◆ Assignment ◆
Copy all records exactly; omit pictures.
** Records to use follows **
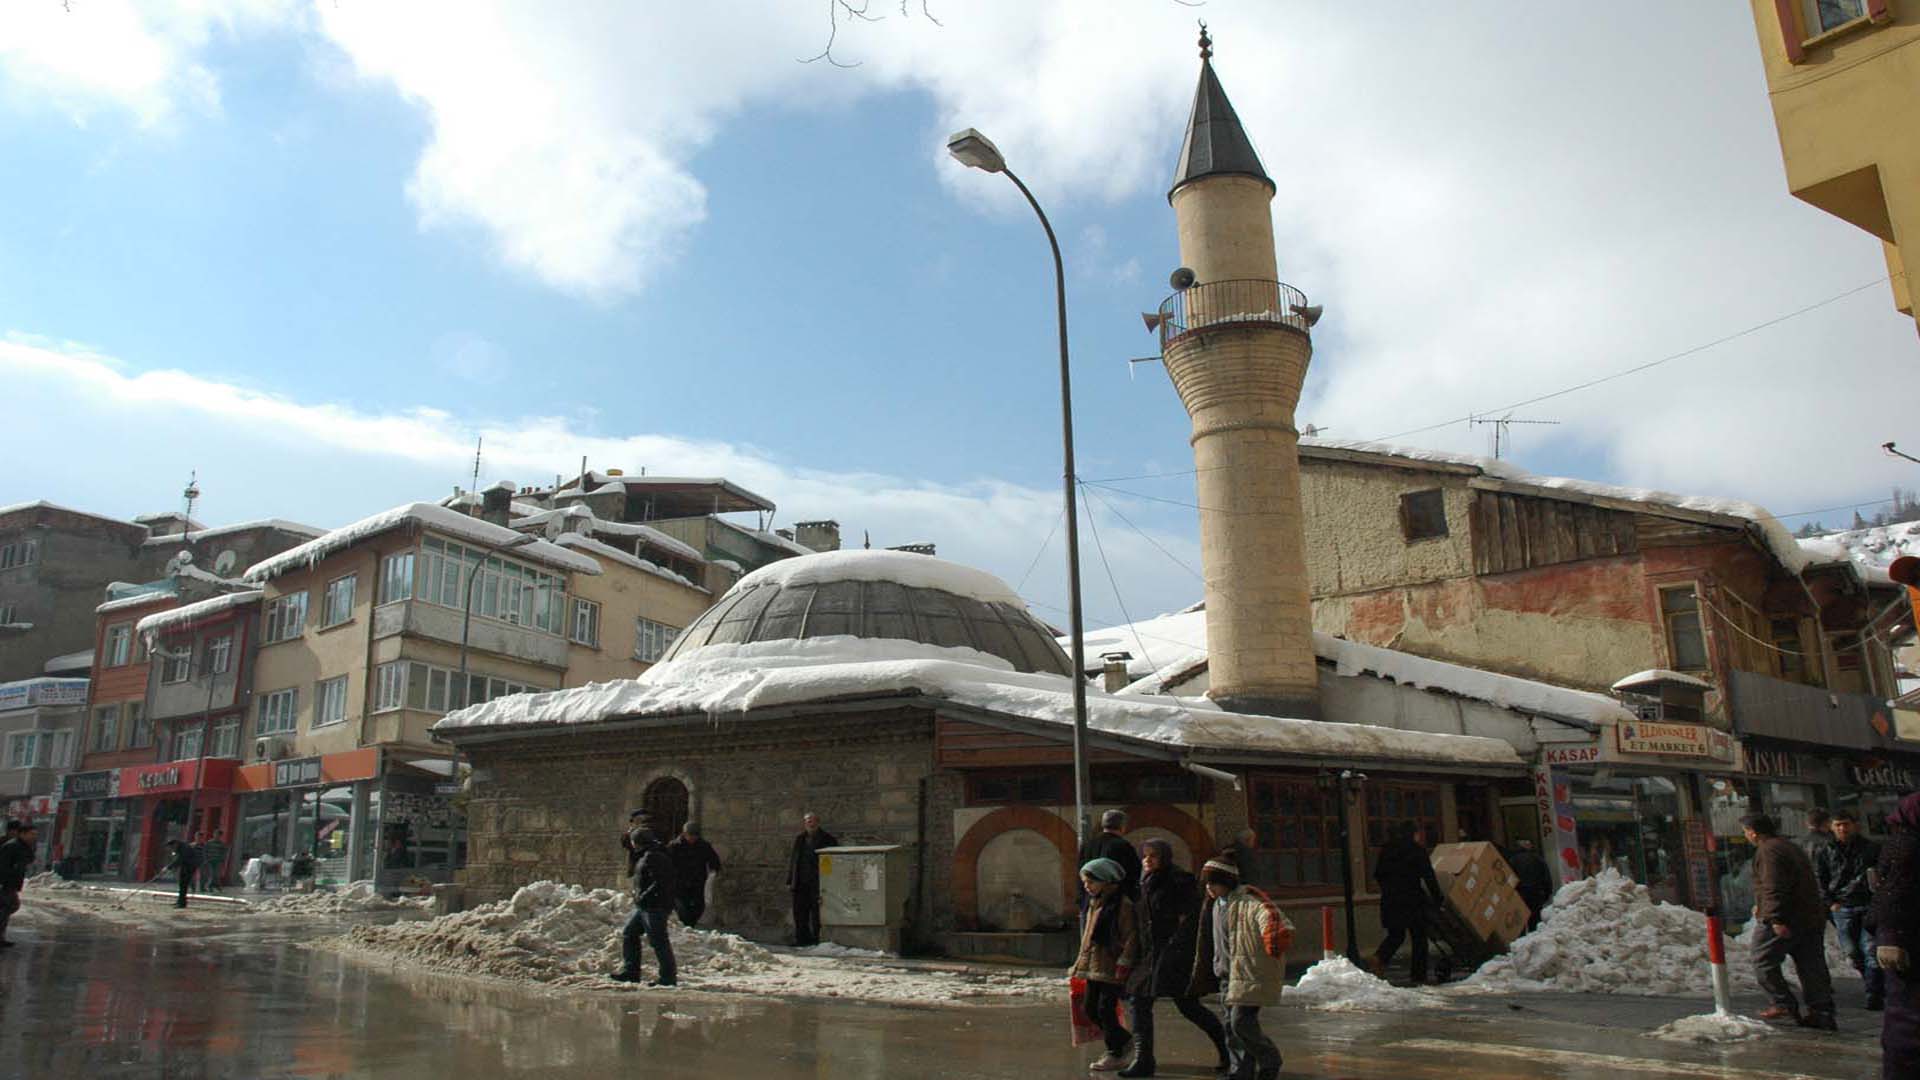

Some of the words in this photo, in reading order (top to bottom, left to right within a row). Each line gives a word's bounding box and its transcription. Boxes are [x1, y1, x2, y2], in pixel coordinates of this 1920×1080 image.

[1630, 741, 1646, 750] ET
[1648, 742, 1697, 753] MARKET
[1547, 748, 1598, 762] KASAP
[1536, 772, 1553, 837] KASAP
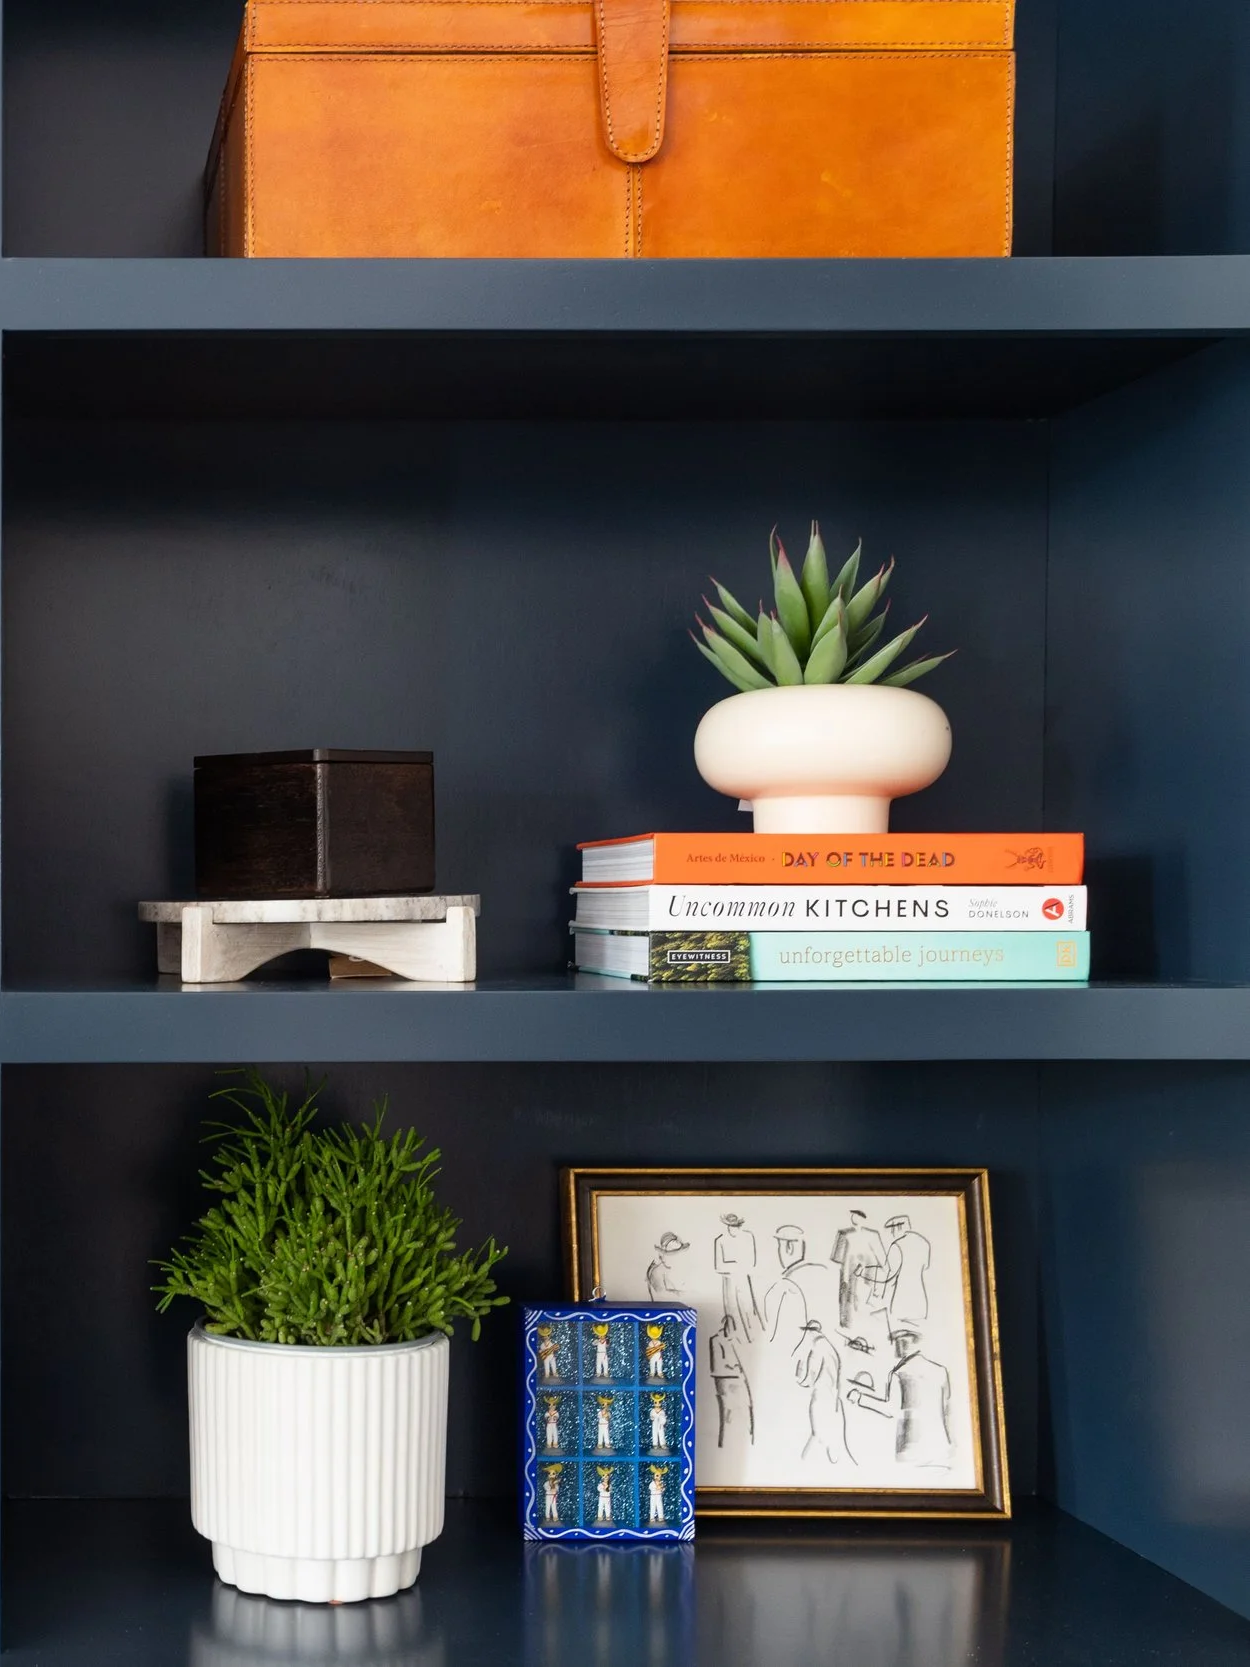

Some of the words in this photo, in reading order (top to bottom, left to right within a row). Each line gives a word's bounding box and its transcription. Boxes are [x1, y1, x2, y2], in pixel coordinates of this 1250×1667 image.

[686, 853, 713, 863] Artes
[715, 852, 727, 863] de
[729, 852, 766, 863] México
[781, 851, 820, 868] DAY
[825, 851, 853, 868] OF
[859, 851, 894, 868] THE
[902, 851, 956, 868] DEAD
[668, 895, 796, 918] Uncommon
[805, 898, 950, 919] KITCHENS
[968, 910, 1029, 919] DONELSON
[671, 952, 727, 961] EYEWITNESS
[779, 945, 912, 968] unforgettable
[917, 945, 1004, 967] journeys
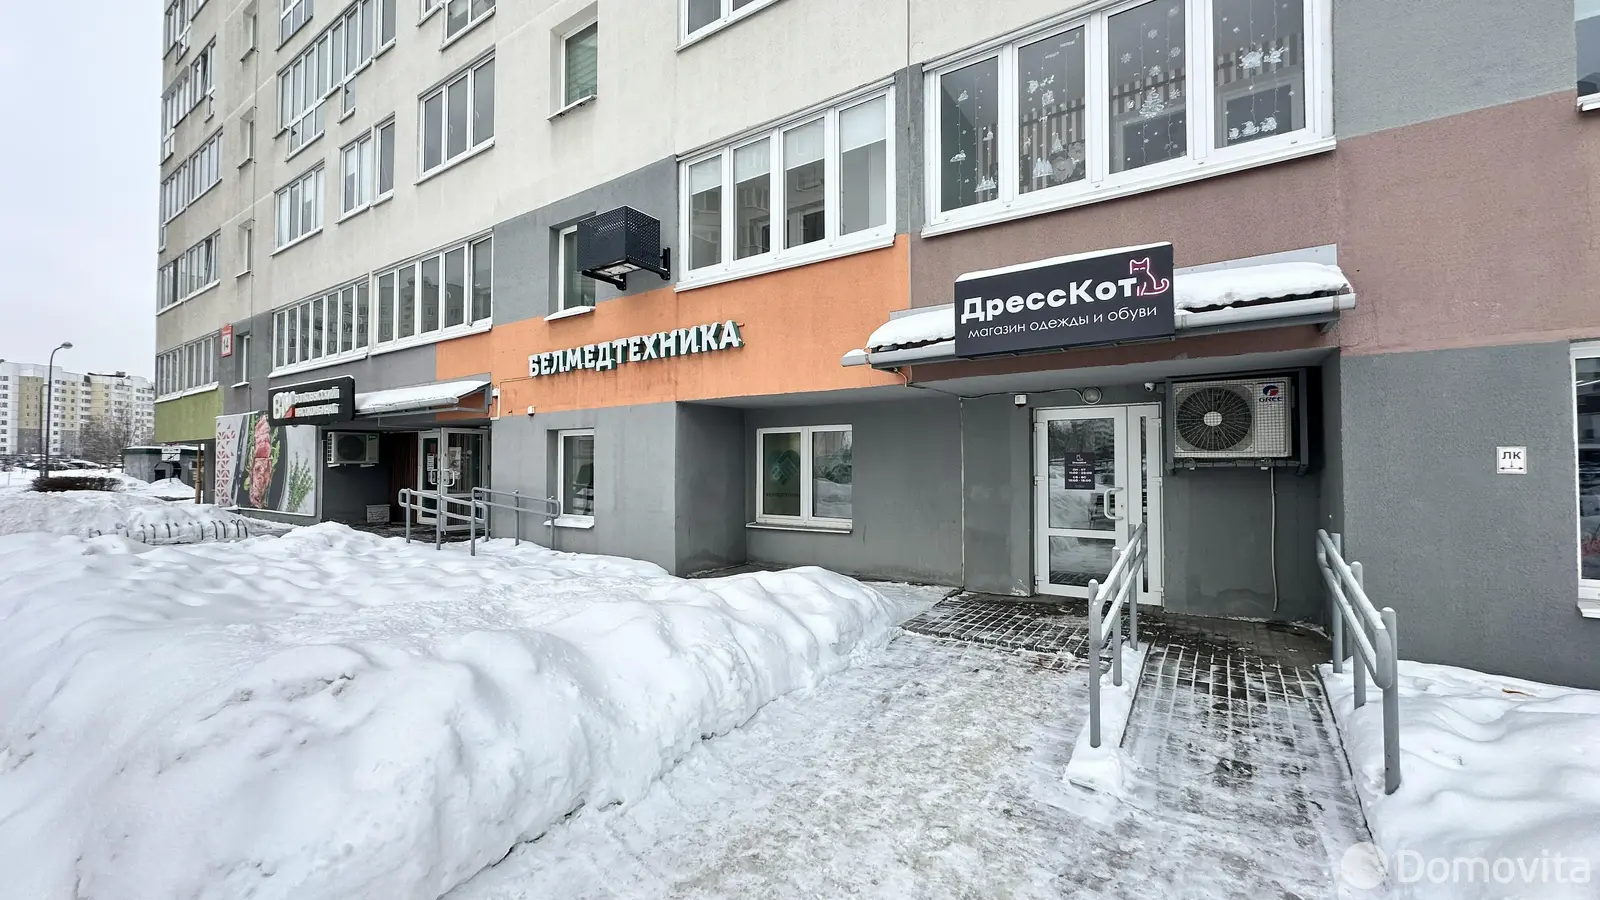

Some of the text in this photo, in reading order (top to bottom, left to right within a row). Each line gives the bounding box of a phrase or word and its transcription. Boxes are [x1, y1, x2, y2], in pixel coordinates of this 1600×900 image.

[960, 277, 1138, 325] ДрессКот
[968, 305, 1158, 339] магазин одежды и обуви
[223, 336, 229, 351] 14
[527, 319, 744, 378] БЕЛМЕДТЕХНИКА
[1502, 451, 1522, 460] ЛК
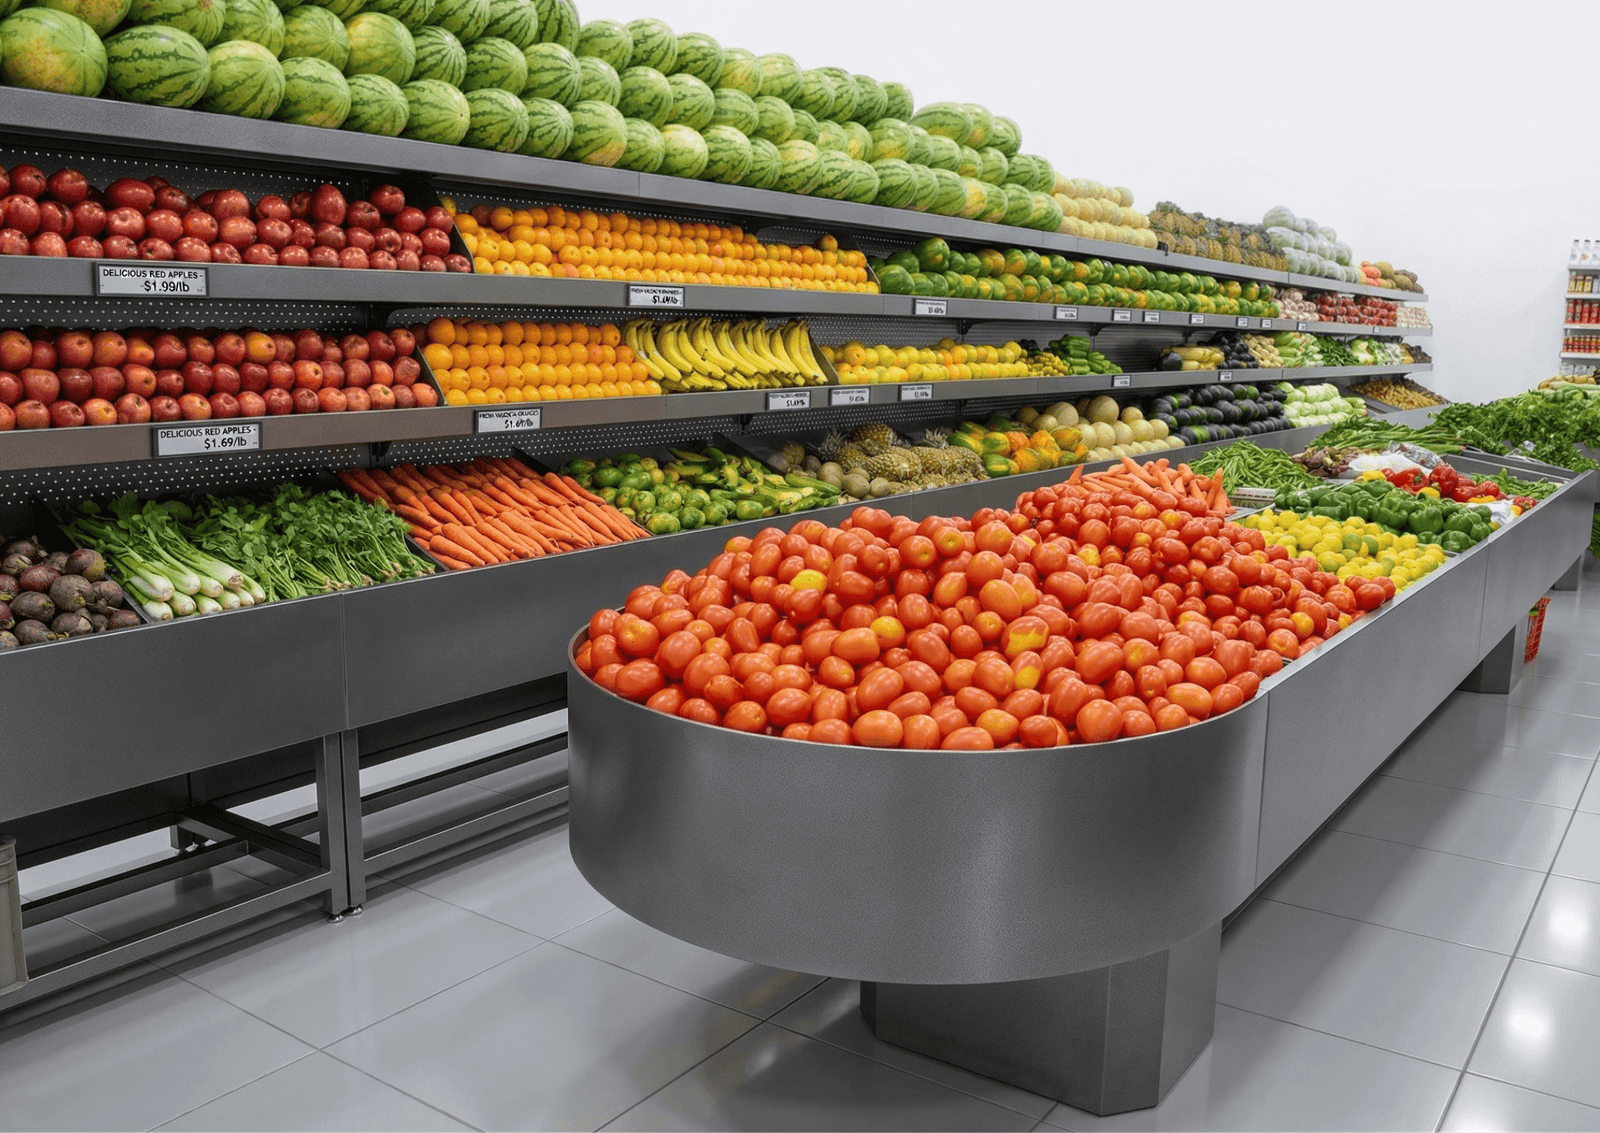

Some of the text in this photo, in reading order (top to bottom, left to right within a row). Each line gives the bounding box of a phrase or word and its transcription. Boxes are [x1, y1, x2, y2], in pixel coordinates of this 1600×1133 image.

[103, 269, 147, 278] DELICIOUS
[149, 270, 166, 279] RED
[168, 271, 198, 280] APPLES
[144, 280, 190, 293] $1.99/lb
[160, 428, 203, 439] DELICIOUS
[205, 427, 220, 436] RED
[222, 426, 252, 435] APPLES
[204, 436, 247, 450] $1.69/lb
** End of Records to use **
◆ Answer to this task ◆
Some of the words in this photo, in reading order (top to bottom, left to right within a row). Each line gives a word's bounding box and its transcription. Boxes are [x1, y1, x2, y2], in pixel coordinates of this 1920×1080 image.

[1630, 741, 1646, 750] ET
[1648, 742, 1697, 753] MARKET
[1547, 748, 1598, 762] KASAP
[1536, 772, 1553, 837] KASAP

Some of the words in this photo, in reading order (top to bottom, left to right within a row). Each line gives a word's bounding box and its transcription. Boxes are [x1, y1, x2, y2], in pixel coordinates of this 1250×1667 image.

[686, 853, 713, 863] Artes
[715, 852, 727, 863] de
[729, 852, 766, 863] México
[781, 851, 820, 868] DAY
[825, 851, 853, 868] OF
[859, 851, 894, 868] THE
[902, 851, 956, 868] DEAD
[668, 895, 796, 918] Uncommon
[805, 898, 950, 919] KITCHENS
[968, 910, 1029, 919] DONELSON
[671, 952, 727, 961] EYEWITNESS
[779, 945, 912, 968] unforgettable
[917, 945, 1004, 967] journeys

Some of the text in this photo, in reading order (top to bottom, left to right within a row). Each line gives the bounding box of a phrase or word and its transcription. Boxes are [x1, y1, x2, y2], in pixel coordinates of this 1600×900 image.

[960, 277, 1138, 325] ДрессКот
[968, 305, 1158, 339] магазин одежды и обуви
[223, 336, 229, 351] 14
[527, 319, 744, 378] БЕЛМЕДТЕХНИКА
[1502, 451, 1522, 460] ЛК

Some of the text in this photo, in reading order (top to bottom, left to right within a row). Each line gives the bounding box of a phrase or word and its transcription. Boxes are [x1, y1, x2, y2], in pixel coordinates of this 1600×1133 image.

[103, 269, 147, 278] DELICIOUS
[149, 270, 166, 279] RED
[168, 271, 198, 280] APPLES
[144, 280, 190, 293] $1.99/lb
[160, 428, 203, 439] DELICIOUS
[205, 427, 220, 436] RED
[222, 426, 252, 435] APPLES
[204, 436, 247, 450] $1.69/lb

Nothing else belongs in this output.